▸ Extracted records:
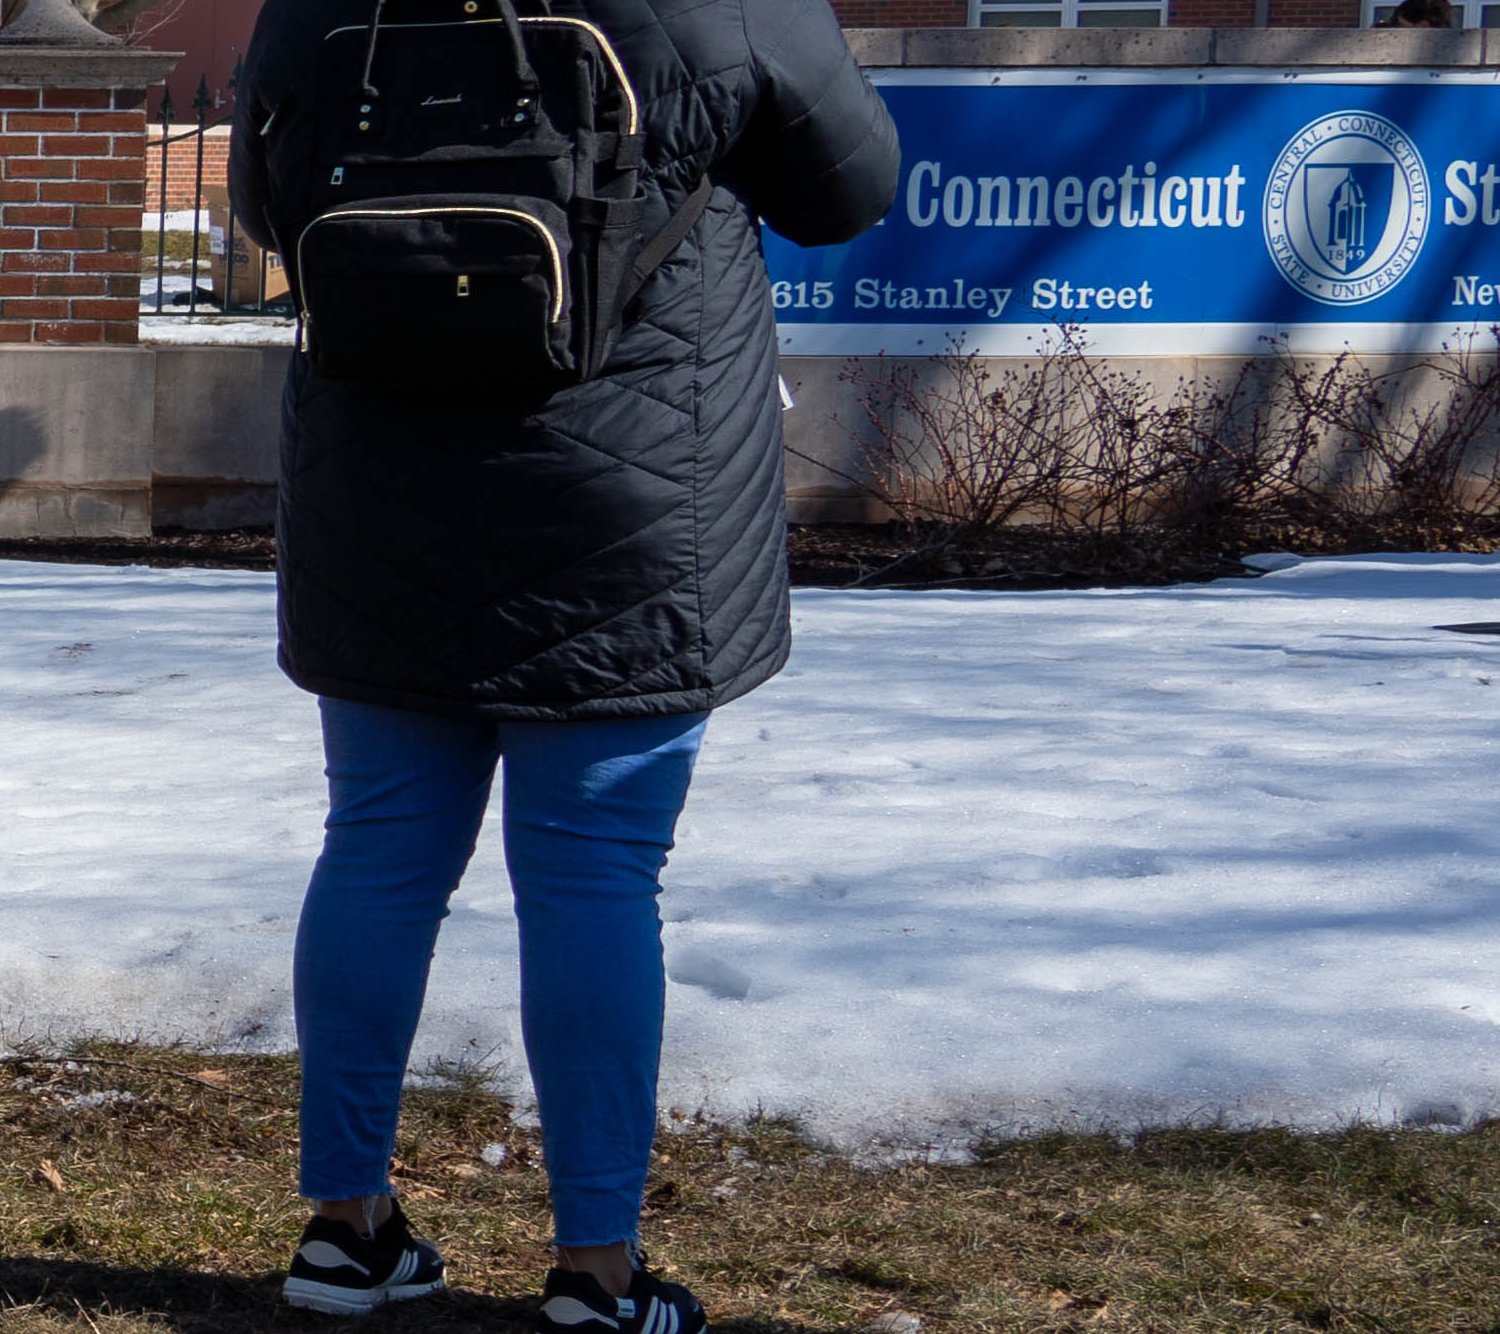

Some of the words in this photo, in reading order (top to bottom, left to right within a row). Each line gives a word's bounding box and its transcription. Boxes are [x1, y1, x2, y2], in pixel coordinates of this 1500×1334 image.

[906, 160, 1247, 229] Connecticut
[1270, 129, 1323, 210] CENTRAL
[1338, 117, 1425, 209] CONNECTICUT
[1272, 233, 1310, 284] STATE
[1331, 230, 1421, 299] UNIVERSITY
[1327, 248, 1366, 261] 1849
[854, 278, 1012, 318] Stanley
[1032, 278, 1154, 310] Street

▸ Work order:
Return the records above in their entirety, word for word, with the pictures removed.

▸ Solution for this task:
Some of the words in this photo, in reading order (top to bottom, left to right within a row). Each line gives a word's bounding box and its transcription. Boxes are [x1, y1, x2, y2], in pixel coordinates of this 1500×1334 image.

[906, 160, 1247, 229] Connecticut
[1270, 129, 1323, 210] CENTRAL
[1338, 117, 1425, 209] CONNECTICUT
[1272, 233, 1310, 284] STATE
[1331, 230, 1421, 299] UNIVERSITY
[1327, 248, 1366, 261] 1849
[854, 278, 1012, 318] Stanley
[1032, 278, 1154, 310] Street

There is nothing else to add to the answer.